> **TASK PROMPT**
The entries below should be written out again exactly as they stand.

> **MATERIAL PROVIDED**
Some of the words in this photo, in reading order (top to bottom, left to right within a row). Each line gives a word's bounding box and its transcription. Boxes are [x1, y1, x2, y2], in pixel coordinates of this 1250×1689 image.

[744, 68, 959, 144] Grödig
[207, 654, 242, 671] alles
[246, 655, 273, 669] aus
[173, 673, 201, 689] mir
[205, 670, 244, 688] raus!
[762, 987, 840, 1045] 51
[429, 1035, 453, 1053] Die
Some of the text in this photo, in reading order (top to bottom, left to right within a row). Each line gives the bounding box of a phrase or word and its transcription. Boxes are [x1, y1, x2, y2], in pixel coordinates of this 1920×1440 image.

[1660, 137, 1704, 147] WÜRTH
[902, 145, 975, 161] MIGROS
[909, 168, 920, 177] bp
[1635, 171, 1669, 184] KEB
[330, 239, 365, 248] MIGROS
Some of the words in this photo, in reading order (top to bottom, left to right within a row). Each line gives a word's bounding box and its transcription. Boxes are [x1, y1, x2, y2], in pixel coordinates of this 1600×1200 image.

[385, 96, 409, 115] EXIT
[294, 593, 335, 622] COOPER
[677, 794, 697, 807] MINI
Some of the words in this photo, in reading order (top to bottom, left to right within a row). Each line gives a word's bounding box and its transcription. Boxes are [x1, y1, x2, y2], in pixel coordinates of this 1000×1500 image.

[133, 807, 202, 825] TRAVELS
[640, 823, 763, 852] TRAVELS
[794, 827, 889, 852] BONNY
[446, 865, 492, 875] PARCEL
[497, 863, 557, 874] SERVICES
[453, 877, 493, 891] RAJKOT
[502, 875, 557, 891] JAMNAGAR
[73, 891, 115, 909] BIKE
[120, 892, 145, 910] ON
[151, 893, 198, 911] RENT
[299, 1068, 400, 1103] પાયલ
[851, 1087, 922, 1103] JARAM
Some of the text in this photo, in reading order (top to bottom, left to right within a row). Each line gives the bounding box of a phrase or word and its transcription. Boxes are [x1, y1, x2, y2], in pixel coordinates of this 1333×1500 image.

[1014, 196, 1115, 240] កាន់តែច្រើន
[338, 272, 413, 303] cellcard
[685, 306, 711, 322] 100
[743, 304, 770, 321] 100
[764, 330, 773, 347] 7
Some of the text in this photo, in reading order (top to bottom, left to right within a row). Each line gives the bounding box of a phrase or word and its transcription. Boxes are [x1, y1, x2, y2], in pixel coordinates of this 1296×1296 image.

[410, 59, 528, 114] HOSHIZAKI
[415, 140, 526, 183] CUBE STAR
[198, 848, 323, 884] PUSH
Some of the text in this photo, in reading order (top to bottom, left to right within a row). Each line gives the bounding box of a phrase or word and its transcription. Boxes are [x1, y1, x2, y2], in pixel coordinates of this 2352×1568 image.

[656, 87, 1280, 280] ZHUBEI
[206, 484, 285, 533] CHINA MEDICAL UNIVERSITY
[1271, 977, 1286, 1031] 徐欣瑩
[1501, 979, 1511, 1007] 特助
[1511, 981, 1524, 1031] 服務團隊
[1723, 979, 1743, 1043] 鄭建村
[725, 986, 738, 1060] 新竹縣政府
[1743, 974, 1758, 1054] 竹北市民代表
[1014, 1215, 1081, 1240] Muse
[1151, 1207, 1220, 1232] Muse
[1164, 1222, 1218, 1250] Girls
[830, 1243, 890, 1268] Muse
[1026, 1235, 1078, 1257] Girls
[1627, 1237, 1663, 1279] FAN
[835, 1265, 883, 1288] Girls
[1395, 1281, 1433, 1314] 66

> **OUTPUT OF THE EXERCISE**
Some of the words in this photo, in reading order (top to bottom, left to right within a row). Each line gives a word's bounding box and its transcription. Boxes are [x1, y1, x2, y2], in pixel coordinates of this 1250×1689 image.

[744, 68, 959, 144] Grödig
[207, 654, 242, 671] alles
[246, 655, 273, 669] aus
[173, 673, 201, 689] mir
[205, 670, 244, 688] raus!
[762, 987, 840, 1045] 51
[429, 1035, 453, 1053] Die
Some of the text in this photo, in reading order (top to bottom, left to right within a row). Each line gives the bounding box of a phrase or word and its transcription. Boxes are [x1, y1, x2, y2], in pixel coordinates of this 1920×1440 image.

[1660, 137, 1704, 147] WÜRTH
[902, 145, 975, 161] MIGROS
[909, 168, 920, 177] bp
[1635, 171, 1669, 184] KEB
[330, 239, 365, 248] MIGROS
Some of the words in this photo, in reading order (top to bottom, left to right within a row). Each line gives a word's bounding box and its transcription. Boxes are [x1, y1, x2, y2], in pixel coordinates of this 1600×1200 image.

[385, 96, 409, 115] EXIT
[294, 593, 335, 622] COOPER
[677, 794, 697, 807] MINI
Some of the words in this photo, in reading order (top to bottom, left to right within a row). Each line gives a word's bounding box and its transcription. Boxes are [x1, y1, x2, y2], in pixel coordinates of this 1000×1500 image.

[133, 807, 202, 825] TRAVELS
[640, 823, 763, 852] TRAVELS
[794, 827, 889, 852] BONNY
[446, 865, 492, 875] PARCEL
[497, 863, 557, 874] SERVICES
[453, 877, 493, 891] RAJKOT
[502, 875, 557, 891] JAMNAGAR
[73, 891, 115, 909] BIKE
[120, 892, 145, 910] ON
[151, 893, 198, 911] RENT
[299, 1068, 400, 1103] પાયલ
[851, 1087, 922, 1103] JARAM
Some of the text in this photo, in reading order (top to bottom, left to right within a row). Each line gives the bounding box of a phrase or word and its transcription. Boxes are [x1, y1, x2, y2], in pixel coordinates of this 1333×1500 image.

[1014, 196, 1115, 240] កាន់តែច្រើន
[338, 272, 413, 303] cellcard
[685, 306, 711, 322] 100
[743, 304, 770, 321] 100
[764, 330, 773, 347] 7
Some of the text in this photo, in reading order (top to bottom, left to right within a row). Each line gives the bounding box of a phrase or word and its transcription. Boxes are [x1, y1, x2, y2], in pixel coordinates of this 1296×1296 image.

[410, 59, 528, 114] HOSHIZAKI
[415, 140, 526, 183] CUBE STAR
[198, 848, 323, 884] PUSH
Some of the text in this photo, in reading order (top to bottom, left to right within a row). Each line gives the bounding box of a phrase or word and its transcription. Boxes are [x1, y1, x2, y2], in pixel coordinates of this 2352×1568 image.

[656, 87, 1280, 280] ZHUBEI
[206, 484, 285, 533] CHINA MEDICAL UNIVERSITY
[1271, 977, 1286, 1031] 徐欣瑩
[1501, 979, 1511, 1007] 特助
[1511, 981, 1524, 1031] 服務團隊
[1723, 979, 1743, 1043] 鄭建村
[725, 986, 738, 1060] 新竹縣政府
[1743, 974, 1758, 1054] 竹北市民代表
[1014, 1215, 1081, 1240] Muse
[1151, 1207, 1220, 1232] Muse
[1164, 1222, 1218, 1250] Girls
[830, 1243, 890, 1268] Muse
[1026, 1235, 1078, 1257] Girls
[1627, 1237, 1663, 1279] FAN
[835, 1265, 883, 1288] Girls
[1395, 1281, 1433, 1314] 66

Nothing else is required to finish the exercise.